Monday, September 11, 2017

Ad Baculum

Ad baculum is a popular entry on fallacy lists. It originally began as a joke -- argument by beating someone into submission -- but, in a pattern that is surprisingly common in the intellectual matters, the joke began to be treated as serious at some point, and thus ad baculum moved from being a joke-argument to being listed as a real fallacy on fallacy lists. But, of course, this raises the question, what is the fallacy in the fallacy of the cudgel? And this is not a straightforward question, either. Seeking something that goes with the name, people have tended to conflate argument ad baculum with threat. The obvious problem with this, of course, is that threats are not generally arguments. Don Levi in 1999 had a nice paper, "The Fallacy of Treating Ad Baculum as a Fallacy", in which he argued that these kinds of analyses typically founder on a failure to recognize the actual goals of threat and intimidation; he proposed that typically the point is to shut down or prevent argument -- it is not an argumentative move at all.

It is, however, a mistake to conflate ad baculum with threat and intimidation. The original point, of course, was just a joke -- 'Here's my argument, the stick' -- but Isaac Watts had recognized that these kinds of labels, like ad verecundiam, were topoi or commonplaces, strategies for picking a middle term for an argument, and for the same reason, it is certainly the case that if we are to take ad baculum as a serious label, it has to cover something like this. There is indeed a kind of argument that has occasionally been called ad baculum that fits the bill. Three examples I have noted before;

Brian Magee on free will (Confessions of a Philosopher, Random House [1990] p. 152):

I am entirely confident that if you subjected any determinist who is not a psychopath, however amoral his life, to outrageous and cruel ill-treatment, he would become indignant with you and protest that you ought not to treat him in that way. Ought and ought not would spring to life for him then, and he would insist on attributing to you the ability to behave otherwise.

Scotus on contingency (Reportatio IA prol. q. iii art. i; in Philosophical Writings, Wolter, tr., Hackett [1993] p. 9):

And so too, those who deny that some being is contingent should be exposed to torments until they concede that it is possible for them not to be tormented.

And, of course Scotus is adapting Avicenna on noncontradiction (ibid., with a minor change):

Those who deny a first principle should be beaten or exposed to fire until they concede that to burn and not to burn, or to be beaten and not to be beaten, are not [the same].

None of these, incidentally, are fallacious -- the baculine link in each case is relevant and appropriate, providing a legitimate way to reach the conclusion drawn (in all of these cases, that a particular position is not something anyone can consistently accept). Any number of other things could in principle work in the same way, and be recognized as nonfallacious; the baculinism is a rhetorical choice that does not affect the basic functioning of the argument.
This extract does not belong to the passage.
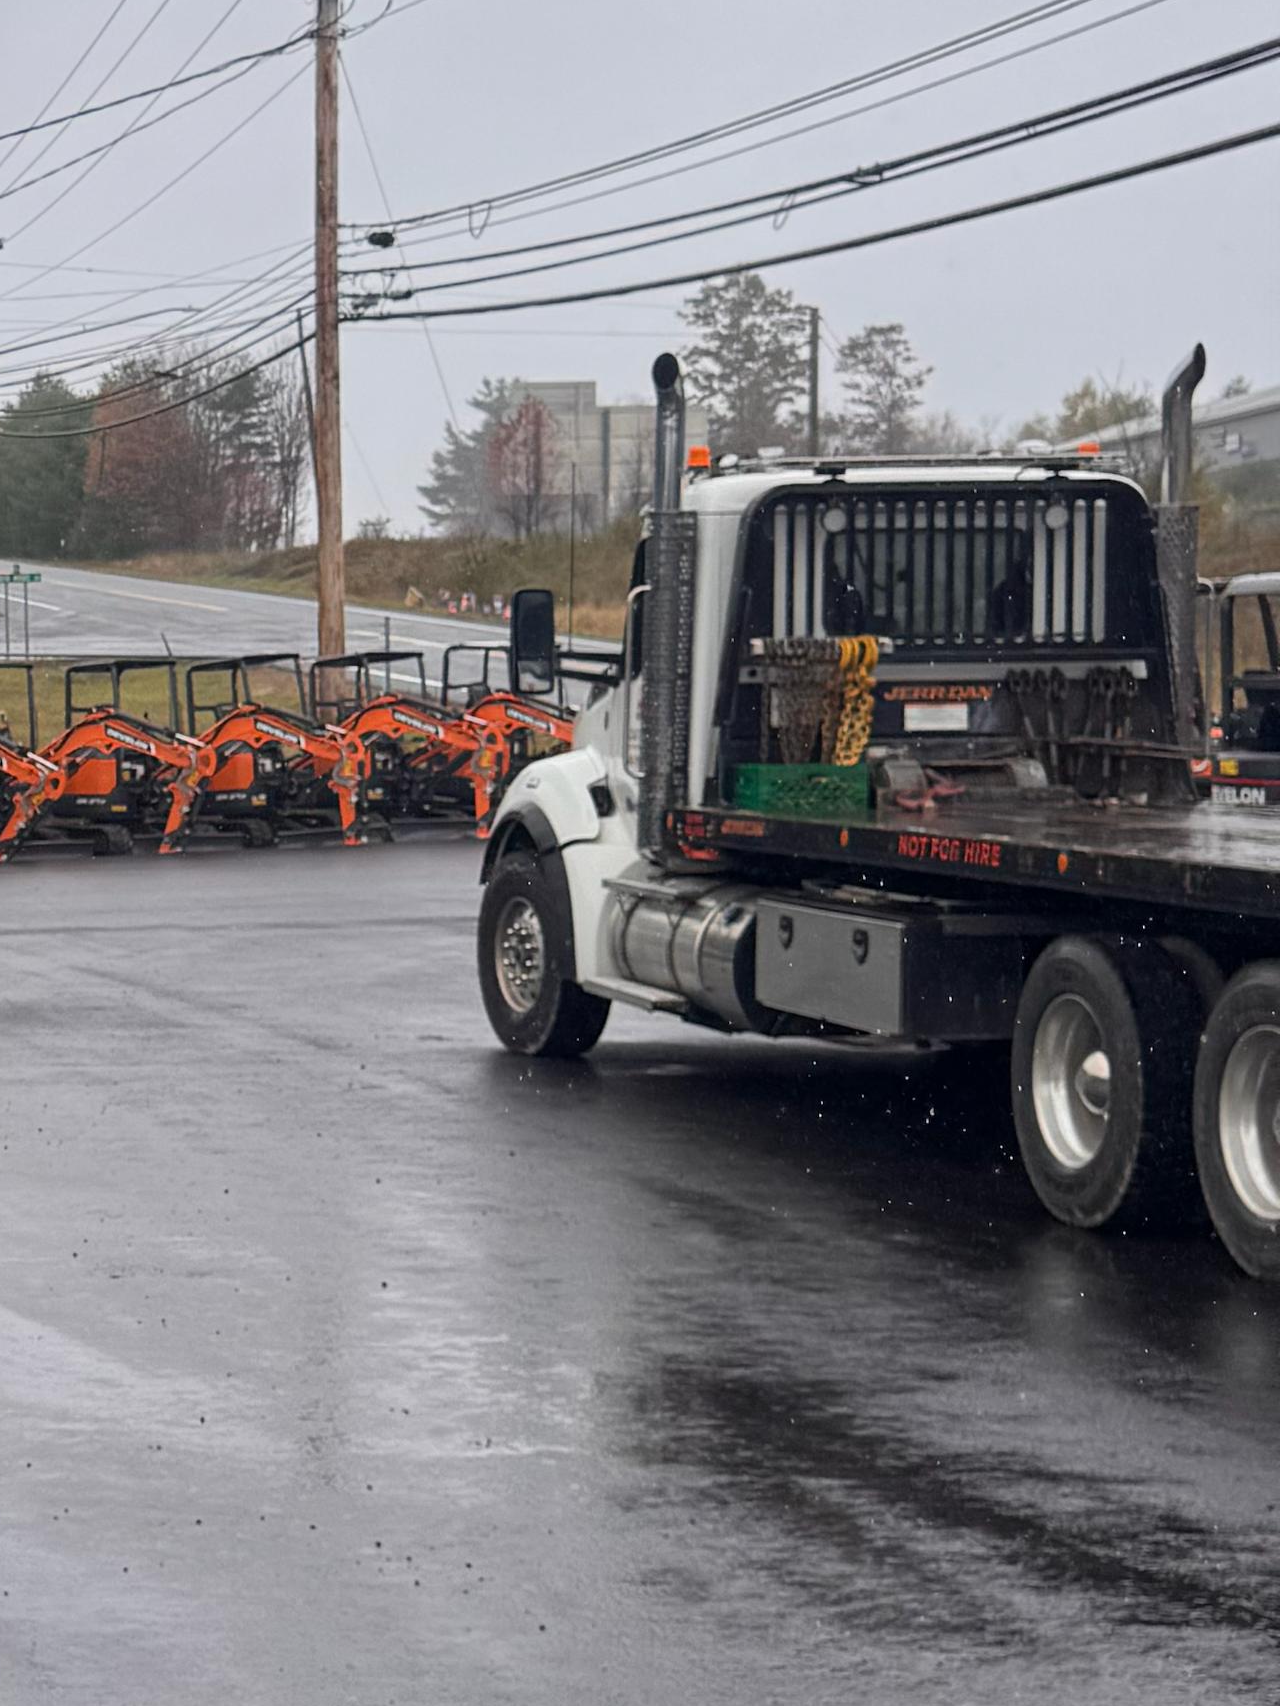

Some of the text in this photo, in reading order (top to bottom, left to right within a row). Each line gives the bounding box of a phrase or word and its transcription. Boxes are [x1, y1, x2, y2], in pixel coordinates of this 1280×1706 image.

This relates to the second conflation that has often confused matters in discussing ad baculum arguments; namely, the failure to make a proper distinction between the argumentative move and the rhetorical approach taken in making that move. Ad baculum, like ad verecundiam and similar labels, designates a rhetorical approach exemplified by the link that constitutes the argument; as with those other labels, there is nothing intrinsically fallacious about it. One gets an ad baculum fallacy when one commits an argumentative fallacy that happens to be in ad baculum rhetorical dress. The actual fallacy will be something distinct -- ignoratio elenchi, in fact, which is why ad baculum, when classified as a fallacy, is always classified as a fallacy of irrelevance.